My work is distinctive in its focus on how issues of housing intersect with working-class Irish literature. While critics such as Michael Pierse (Queens University Belfast) have already started the work of constructing a working-class canon, critics have yet to study the representation of “home” and “housing” in working-class Irish literature; it is at this juncture that I am intervening. “Home,” on the one hand, refers to an ideological space or location primarily constructed through the literary imagination. “Housing,” on the other hand, considers more specifically the physical type of abode in which the characters under examination reside, and the way the social and political scope of these spaces manifest in each author’s narrative focus on the agency, power, and potential of the working classes. Using these terms as lenses, I read texts for moments of social and political resistance, rage, and grief thus opening up new conversations about the agency and dignity of Ireland’s working classes.

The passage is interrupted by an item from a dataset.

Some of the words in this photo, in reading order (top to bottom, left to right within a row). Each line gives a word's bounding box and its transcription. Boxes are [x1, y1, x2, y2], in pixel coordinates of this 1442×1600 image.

My completed chapters demonstrate the innate interdisciplinary of my project. For example in chapter three, “Time, Space, and the Artist in Karl Parkinson’s Künstlerroman,” I use the narrative theories of M.M Bakhtin and the sociological theories of Pierre Bourdieu to demonstrate how Karl Parkinson’s debut novel, The Blocks, breaks with the genre conventions of the typical Bildung narrative in order to draw attention to how differently classed housing spaces produce different types of socio-normative developmental timelines. Specifically, I examine how The Blocks depicts the working-class housing estate as a chronotope that intersects with a time-lagged Bildung narrative thus critiquing Ireland’s ongoing neoliberal temporality and its effects on marginalized working-class communities. My fourth, and final, chapter will center on the transcripts of independent interviews I carried out with three authors currently working and publishing in Dublin who focus on issues of class, housing, and language. I will use the information gathered in my interviews to explore how the narrative techniques employed by each author reaffirms the creative power of a socially-classed dialect.

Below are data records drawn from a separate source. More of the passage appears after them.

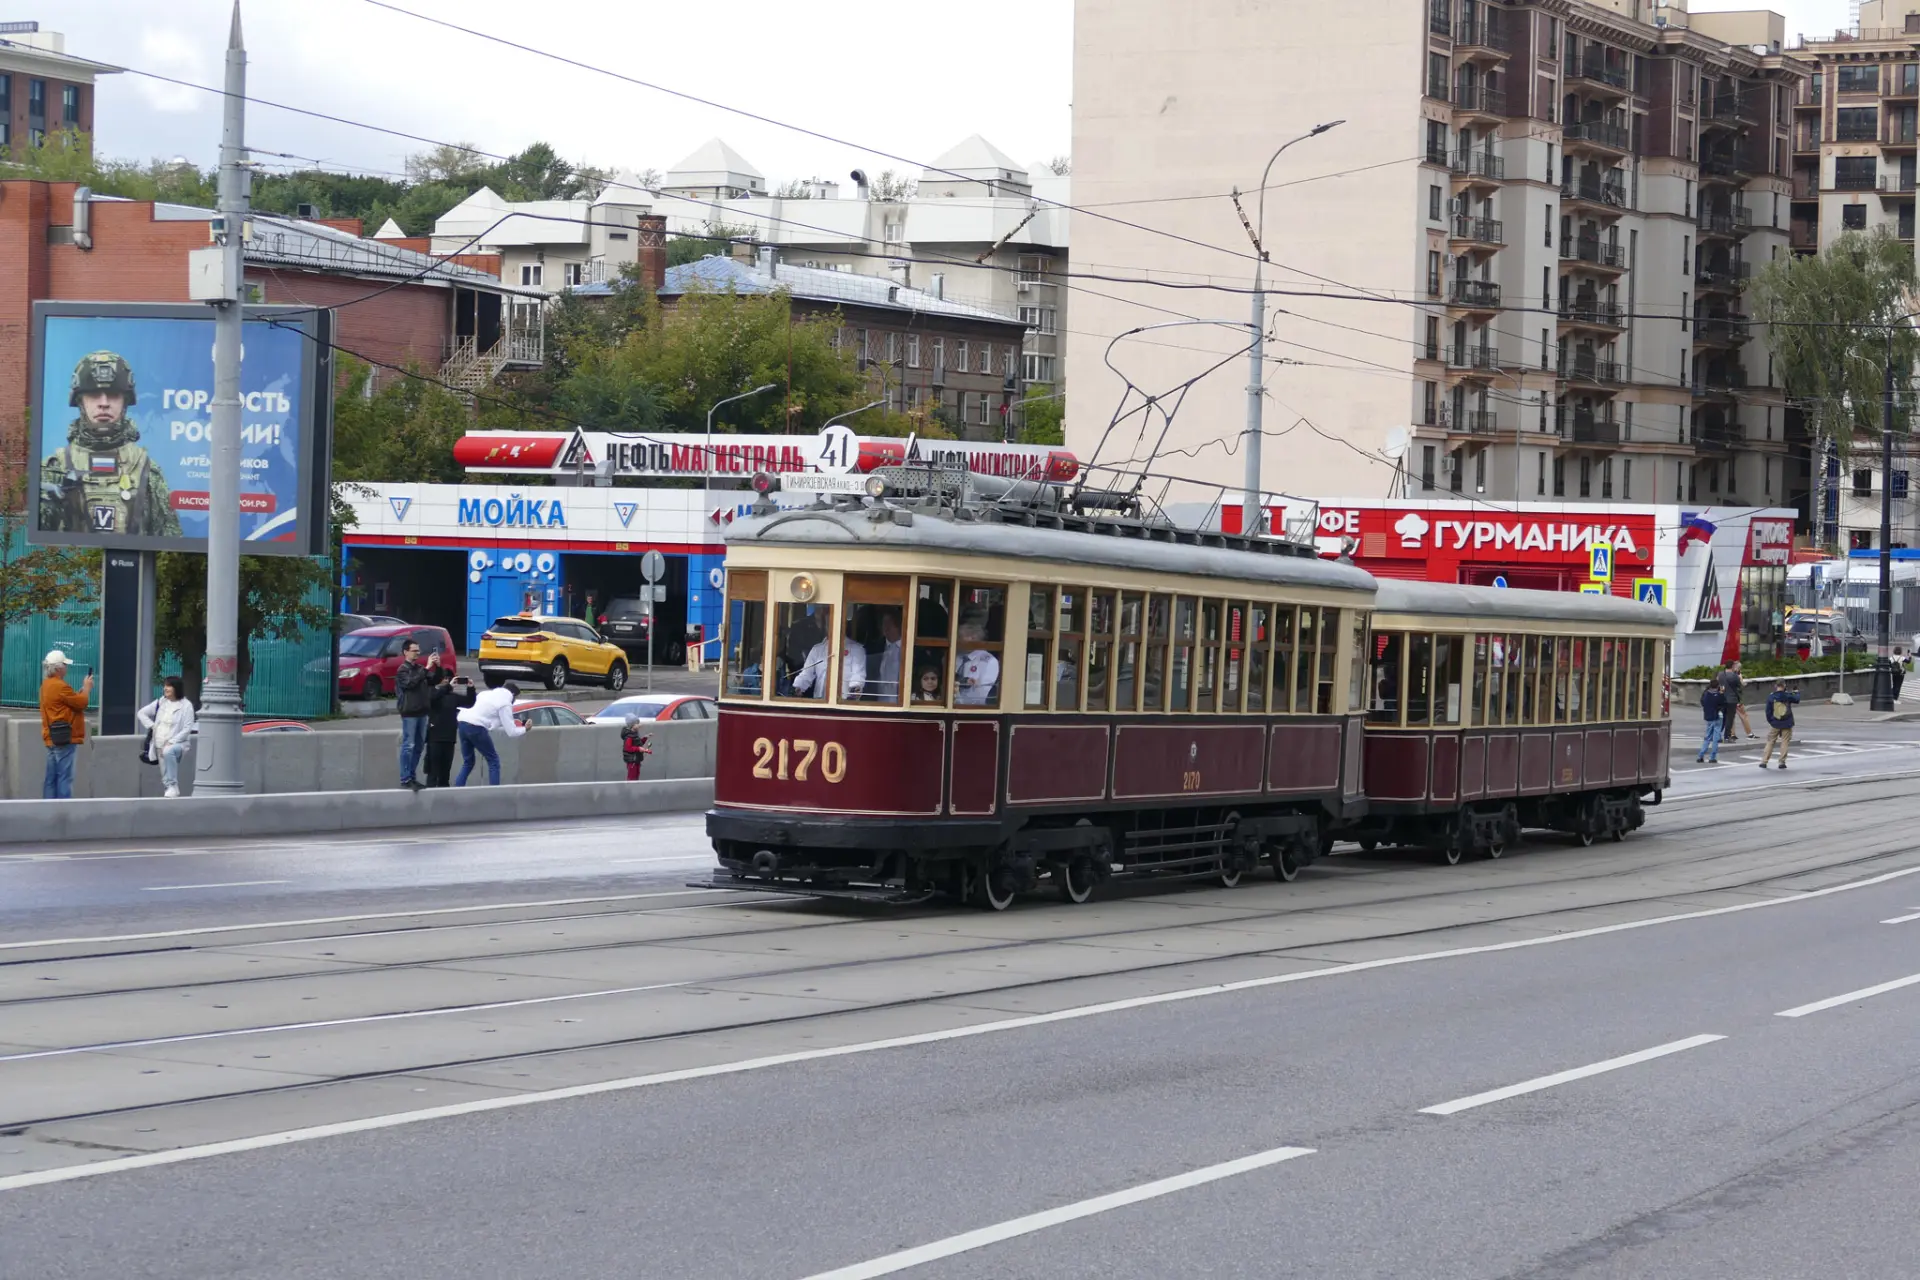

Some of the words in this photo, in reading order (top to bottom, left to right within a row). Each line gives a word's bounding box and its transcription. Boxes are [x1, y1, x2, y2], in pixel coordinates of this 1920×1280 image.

[163, 389, 290, 413] ГОРСТЬ
[170, 421, 281, 445] РОИИ!
[819, 433, 848, 468] 41
[97, 509, 112, 527] V
[458, 493, 566, 527] МОЙКА
[622, 507, 628, 516] 2
[1434, 520, 1637, 554] ГУРМАНИКА
[753, 737, 847, 783] 2170
[1183, 771, 1200, 790] 2170

Each text and author discussed in my dissertation encourages their audience to confront their own role in shaping public perceptions of what the term “working-class” means. In doing so they remind us of the need to actively work on changing the assumptions upon which our perceptions rest, be that through political, social, or literary activism. As the current housing crisis in Ireland shows no signs of abating I hope to position my project as a timely reminder of the relevance of interdisciplinary literary interventions into academic conversation on social inequities.